Smith Helen L, Biggs Patrick J, French Nigel P, Smith Adam N H, Marshall Jonathan C
School of Mathematical and Computational Sciences, Massey University, Palmerston North, New Zealand.
School of Food Technology and Natural Sciences, Massey University, Palmerston North, New Zealand.
PeerJ Comput Sci. 2024 Nov 18;10:e2445. doi: 10.7717/peerj-cs.2445. eCollection 2024.

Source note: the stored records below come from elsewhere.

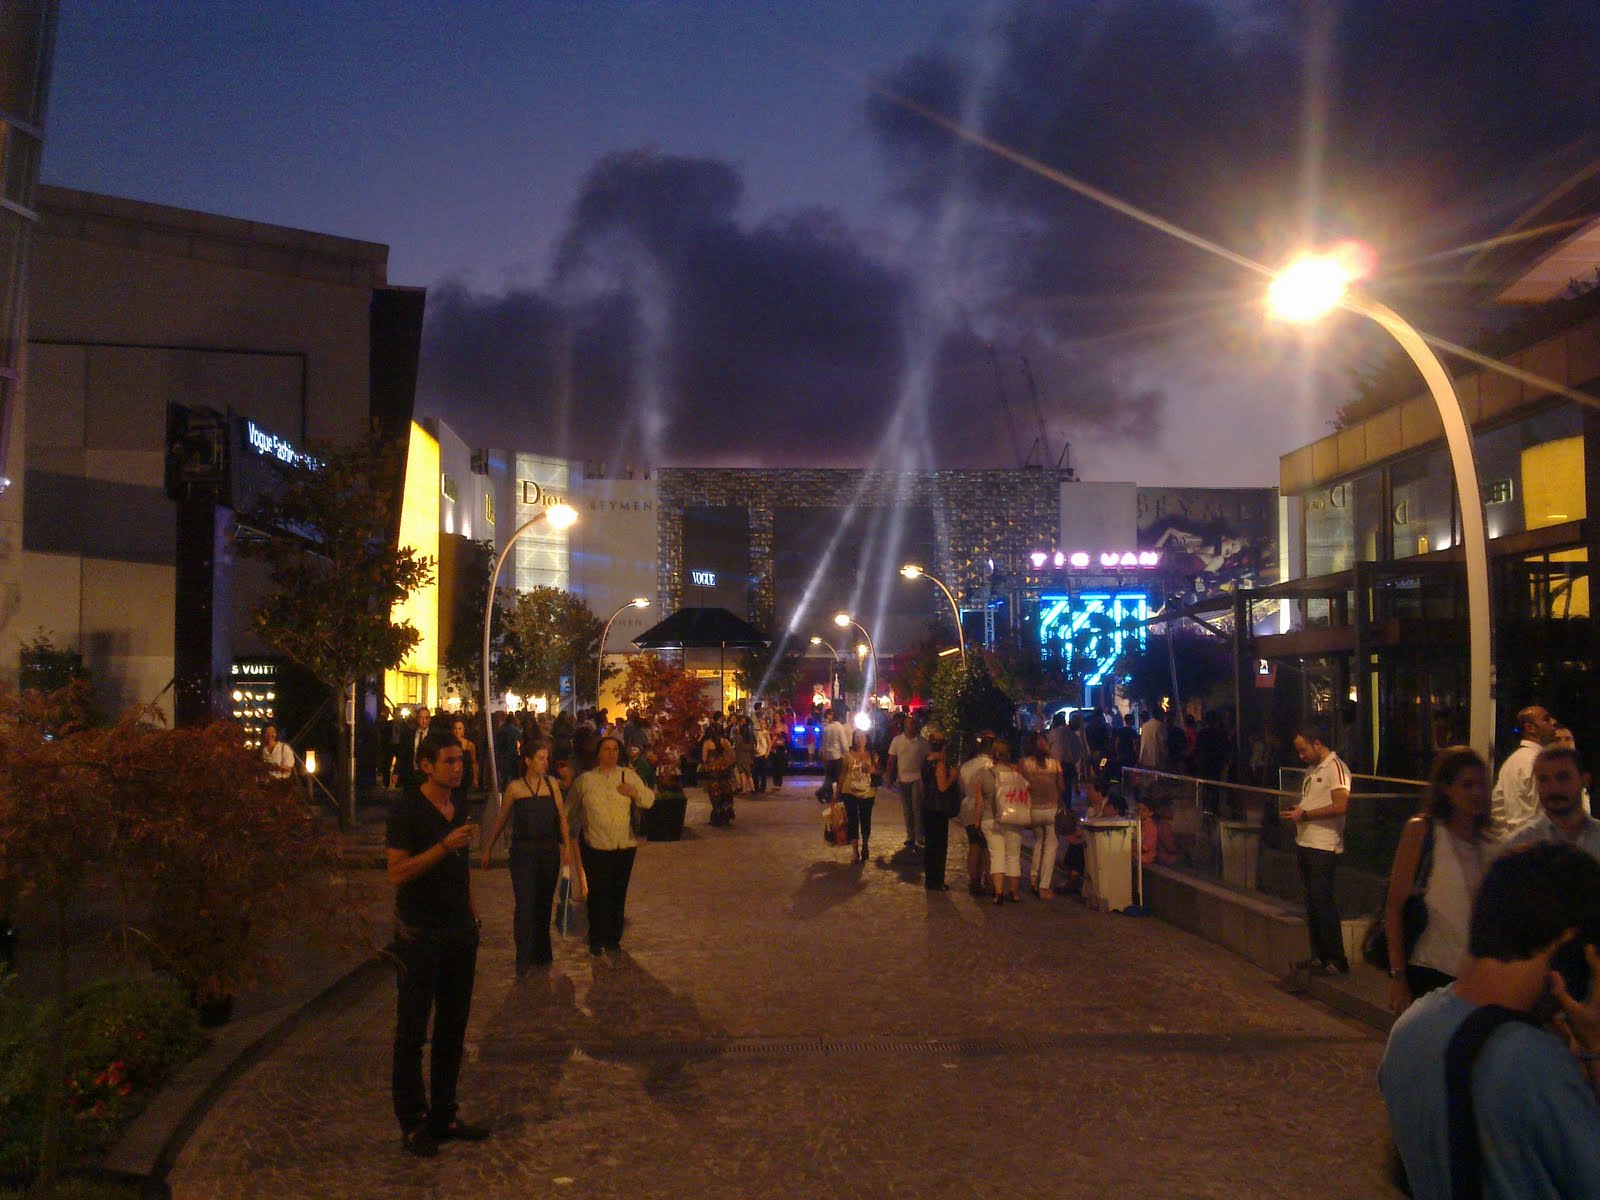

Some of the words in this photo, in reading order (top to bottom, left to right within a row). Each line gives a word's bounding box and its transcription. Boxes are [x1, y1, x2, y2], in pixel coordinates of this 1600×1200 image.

[248, 421, 273, 455] Vogue
[520, 480, 567, 508] Dior
[1030, 552, 1159, 567] TIGUAN
[692, 571, 716, 586] VOGUE
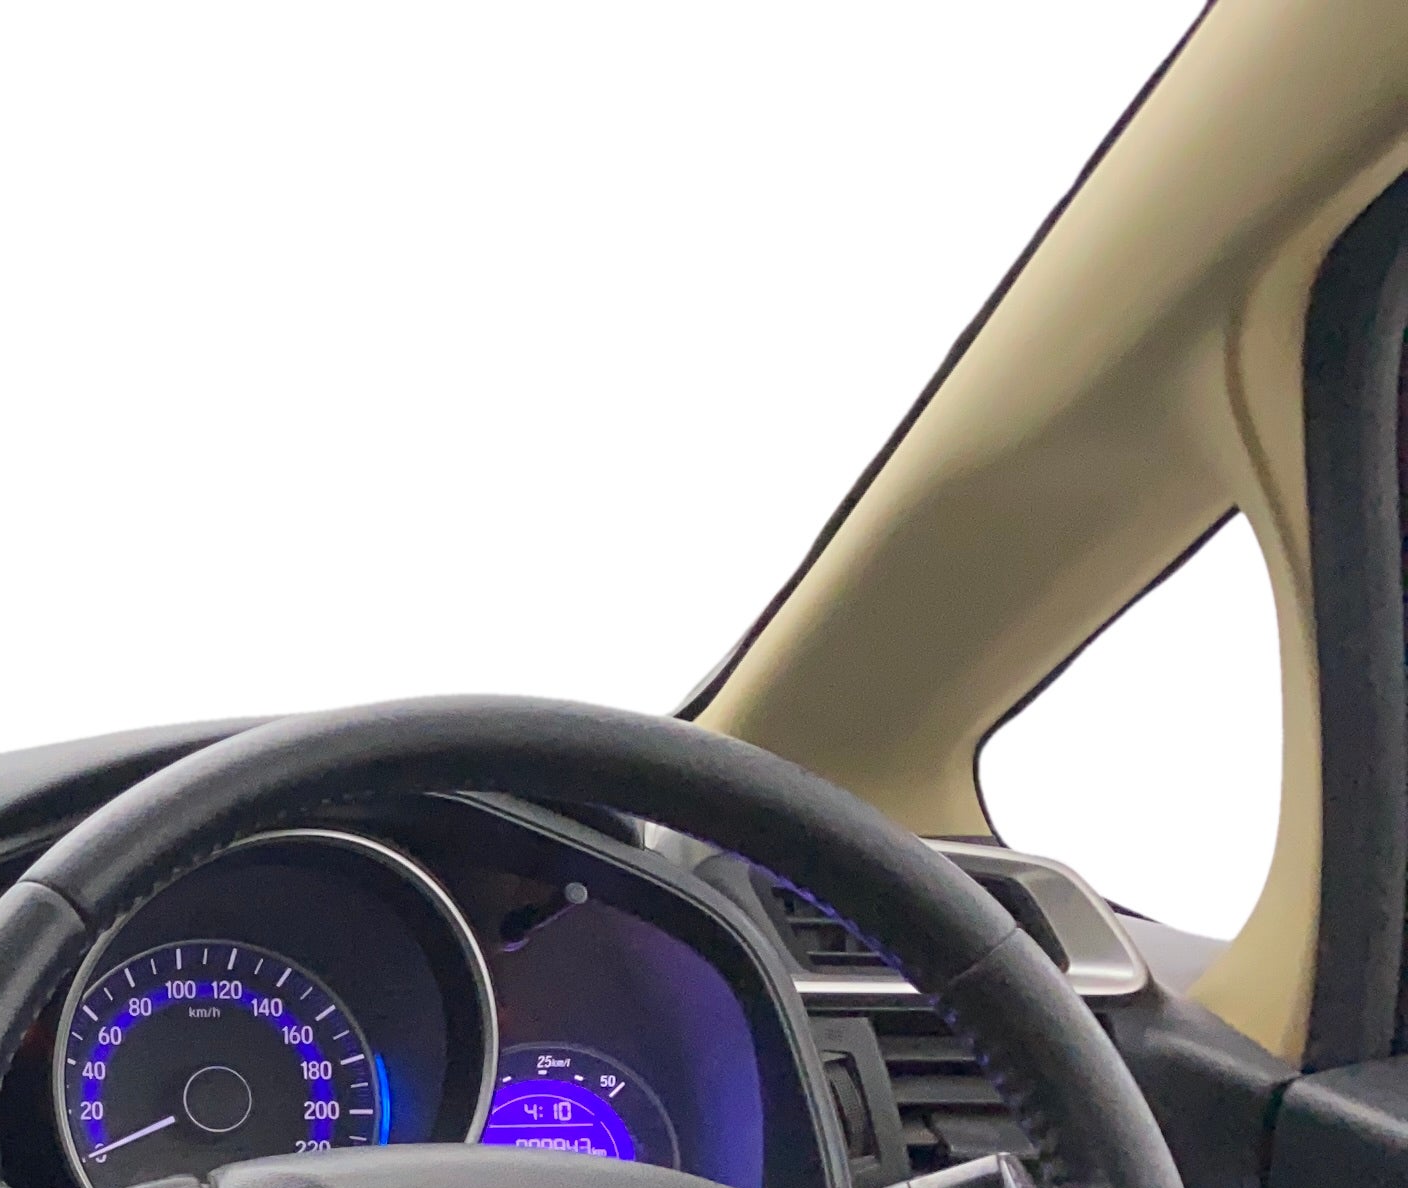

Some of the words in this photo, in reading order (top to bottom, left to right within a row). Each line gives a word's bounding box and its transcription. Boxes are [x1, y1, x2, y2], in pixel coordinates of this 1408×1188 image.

Performance of random forest classification models is often assessed and interpreted using out-of-bag (OOB) samples. Observations which are OOB when a tree is trained may serve as a test set for that tree and predictions from the OOB observations used to calculate OOB error and variable importance measures (VIM). OOB errors are popular because they are fast to compute and, for large samples, are a good estimate of the true prediction error. In this study, we investigate how target-based . target-agnostic encoding of categorical predictor variables for random forest can bias performance measures based on OOB samples. We show that, when categorical variables are encoded using a target-based encoding method, and when the encoding takes place prior to bagging, the OOB sample can underestimate the true misclassification rate, and overestimate variable importance. We recommend using a separate test data set when evaluating variable importance and/or predictive performance of tree based methods that utilise a target-based encoding method.

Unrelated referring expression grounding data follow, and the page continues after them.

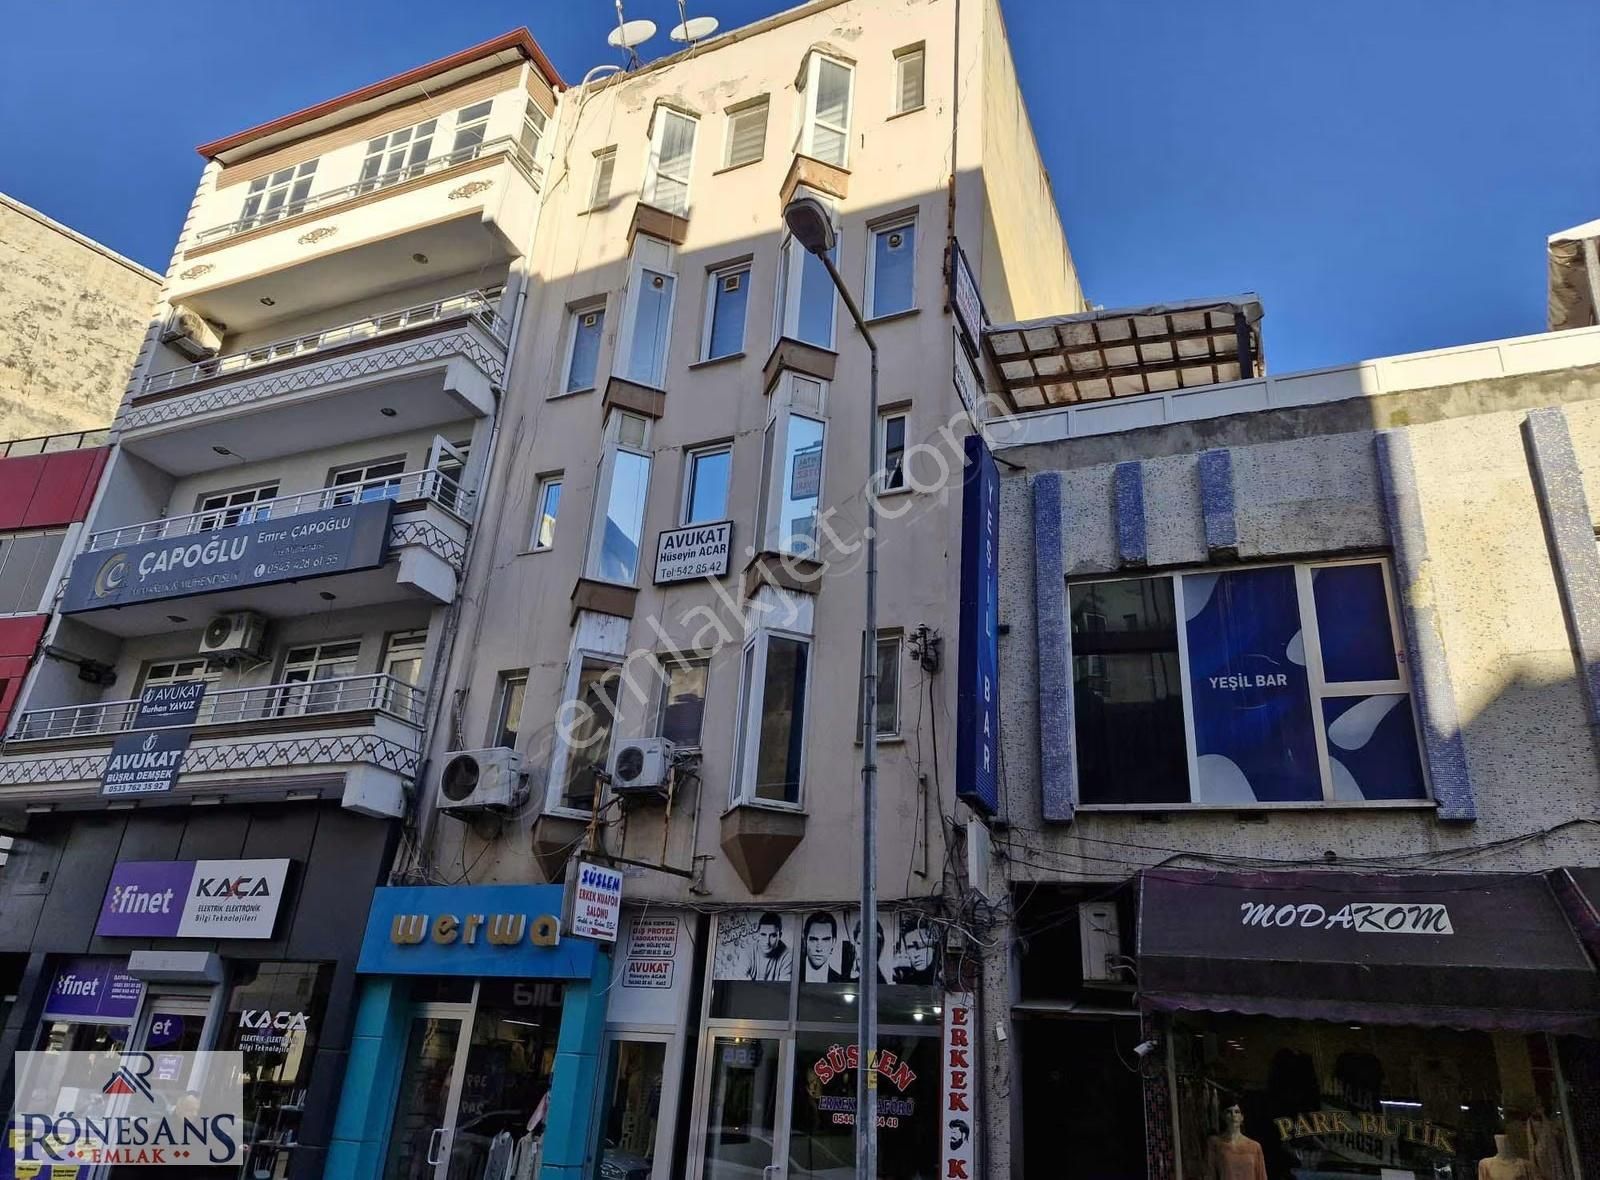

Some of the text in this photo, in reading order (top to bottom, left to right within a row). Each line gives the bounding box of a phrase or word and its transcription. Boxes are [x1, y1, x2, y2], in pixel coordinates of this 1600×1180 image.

[257, 530, 287, 543] Emre
[664, 528, 726, 549] AVUKAT
[139, 535, 249, 582] ÇAPOĞLU
[660, 544, 726, 562] Hüseyin ACAR
[696, 563, 707, 574] 85
[710, 561, 721, 571] 42
[1209, 673, 1288, 691] YEŞİL BAR
[154, 684, 204, 701] AVUKAT
[141, 701, 195, 713] Burhan YAVUZ
[983, 675, 991, 773] BAR
[109, 750, 182, 771] AVUKAT
[106, 769, 173, 783] BÜŞRA DEMŞEK
[196, 876, 270, 900] KAÇA
[582, 867, 619, 891] SÜSLEN
[579, 889, 597, 902] ERKEK
[195, 914, 257, 923] Bilgi Teknolojileri
[1241, 901, 1448, 932] MODAKOM
[390, 913, 561, 946] werwa
[628, 962, 670, 973] AVUKAT
[948, 1007, 969, 1112] ERKEK
[1274, 1111, 1353, 1141] PARK
[1359, 1112, 1457, 1153] BUTİK

随机森林分类模型的性能通常使用袋外(OOB)样本进行评估和解释。在训练一棵树时属于OOB的观测值可作为该树的测试集,并且来自OOB观测值的预测用于计算OOB误差和变量重要性度量(VIM)。OOB误差很受欢迎,因为它们计算速度快,并且对于大样本而言,是对真实预测误差的良好估计。在本研究中,我们调查了用于随机森林的分类预测变量基于目标和与目标无关的编码如何使基于OOB样本的性能度量产生偏差。我们表明,当使用基于目标的编码方法对分类变量进行编码时,并且当编码在装袋之前进行时,OOB样本可能会低估真实误分类率,并高估变量重要性。我们建议在评估使用基于目标的编码方法的基于树的方法的变量重要性和/或预测性能时使用单独的测试数据集。